Она шагнула к нему. Кари понял: времени больше нет. Открыл рот не для того, чтобы отдать свой язык, а чтобы напоследок им воспользоваться.
Сказал одиннадцать слов.
Он не помнил их ни до, ни сразу после — кеннинг не хранится в голове, он проходит сквозь неё, как проволока сквозь брусок мыла. Знаешь только, что где-то в языке лежит обход: «жир глубины» вместо кита, «пот бедра» вместо меча. Тянешься за словом, произносишь — и город на мгновение спотыкается. Из тебя выпадает кусок, о существовании которого ты и сам не знал заранее.
Кари произнёс кеннинг веса.
Весы на бедре Хильд взбесились разом. Стрелка ушла вправо до упора, потом рванулась влево. Пружина лопнула с певучим, почти музыкальным звуком — если бы не звучало это как последний вздох умирающего механизма. Хильд отшатнулась, схватилась за корпус обеими руками. На лице у неё был ужас — не боль, не злость. Чистый, детский ужас человека, у которого вырвали из-под ног единственную опору, на какой он стоял всю жизнь.

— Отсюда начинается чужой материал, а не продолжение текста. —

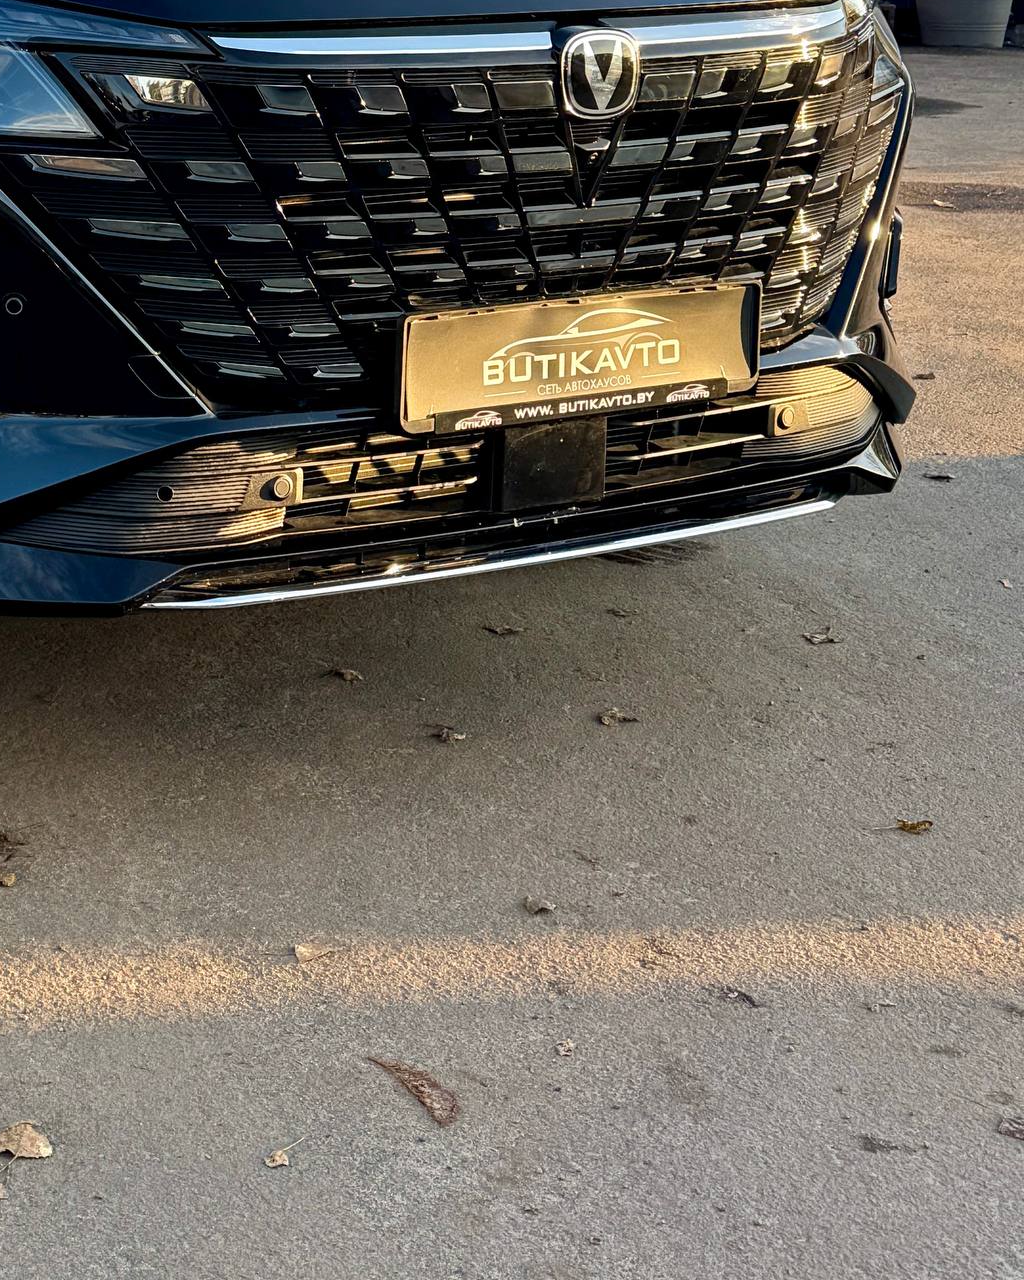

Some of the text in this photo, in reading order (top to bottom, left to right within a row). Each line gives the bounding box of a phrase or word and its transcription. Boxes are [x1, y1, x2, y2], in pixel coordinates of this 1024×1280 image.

— Что ты сделал, — сказала она. Не вопрос — констатация.
— Сломал весы.
— Что. Ты. Сделал.
— Твою мать, — сказала она тише, уже себе самой, будто не рассчитывая, что он услышит. Первое грубое слово, которое он от неё слышал за весь разговор. И прозвучало оно страшнее любого крика.
— Я сказал городу, что в этой комнате ничего не весит, — Кари вытер губы; на пальцах осталась кровь: кеннинги всегда рвали что-то в глубине носоглотки, плата за каждое такое слово бралась изнутри. — Часа на два. Потом вернётся. Но пока эти два часа идут, ты не можешь изъять — потому что не можешь взвесить.
— …запрещено, — закончила она за него. — Двойная вира и остружка.